According to MR3 § VI, “every lot of eggs to be marketed in Puerto Rico shall be submitted for inspection.... ” (emphasis added) Although facially nondiscriminatory, plaintiffs argue that this provision of MR3 in practice is enforced only against eggs imported to Puerto Rico.' As evidence of the regulation’s discriminatory intent and impact, plaintiffs point to MR3 § VI(G), which prevents removal of any lot of eggs from a port, airport, or “place of unloading” without the government’s authorization. Because only imported eggs will arrive at the locations mentioned in § VI(G), plaintiffs argue that § VI(G) and the other sections of § VI relating to inspections are enforceable only against imported eggs. Plaintiffs have not, however, carried their burden of proof with respect to demonstrating that this section of the regulation is enforced in a discriminatory manner. Section § VI(G) imposes minimal restrictions on the movement of eggs that are rationally related to the goal of § VI, namely the pre-sale inspection of eggs. Plaintiffs did not introduce persuasive evidence that the Government has failed to implement a similar mechanism to ensure that locally-produced eggs also are inspected pri- or to sale.
III.
Conclusion
The following sections of MR3 are preempted by the E.P.I.A.: §§ XII(A)(2), XIII(G), XIII(B)(4), XV, 11(17), X(B), VIII(E), XIII(D), XIII(A)(5), and X(D). The following section of MR3 imposes an unconstitutional burden on interstate commerce: § X(F).
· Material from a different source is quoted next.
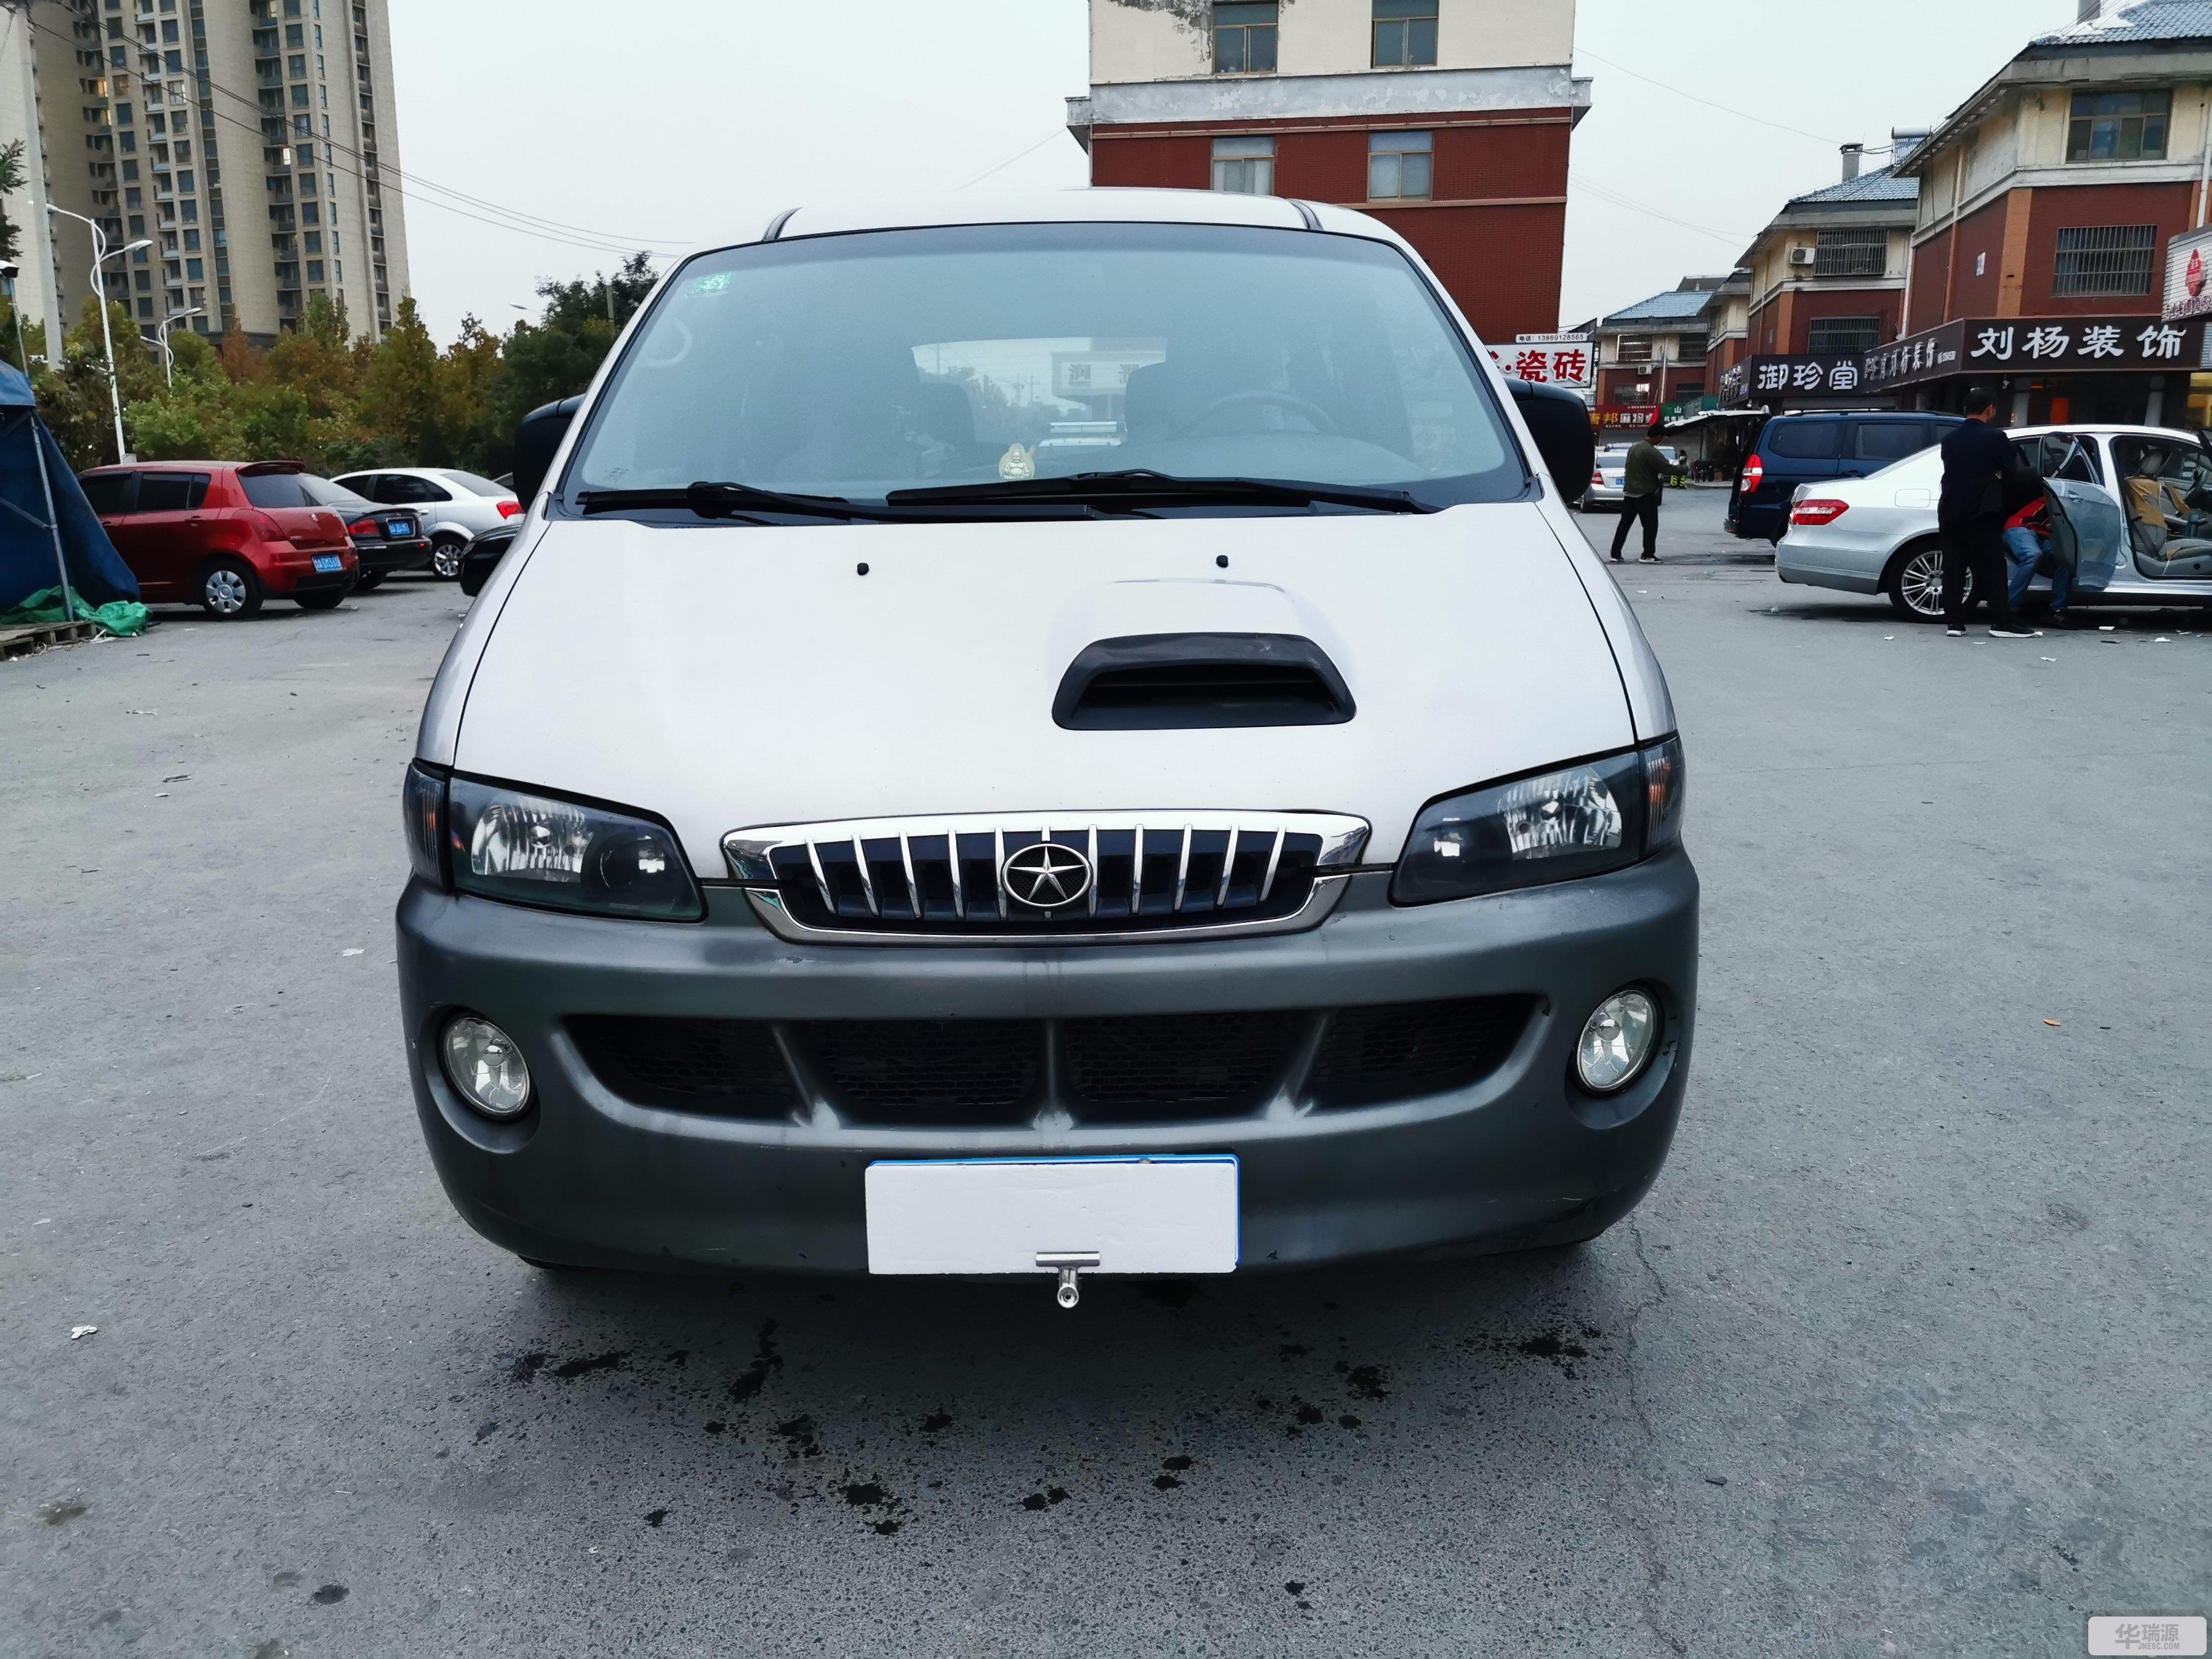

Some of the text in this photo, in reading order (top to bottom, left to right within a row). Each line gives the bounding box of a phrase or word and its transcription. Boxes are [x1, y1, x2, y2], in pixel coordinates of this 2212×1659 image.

THEREFORE, plaintiffs request for a permanent injunction against enforcement of the sections of Market Regulation 3 listed in the preceding paragraph is GRANTED. These sections of Market Regulation 3 may not be enforced.
IT IS SO ORDERED.
. Because Puerto Rico is in a "noncontiguous” area of the United States, the Commonwealth may require labeling to show the State or other geographic area of "production or origin.”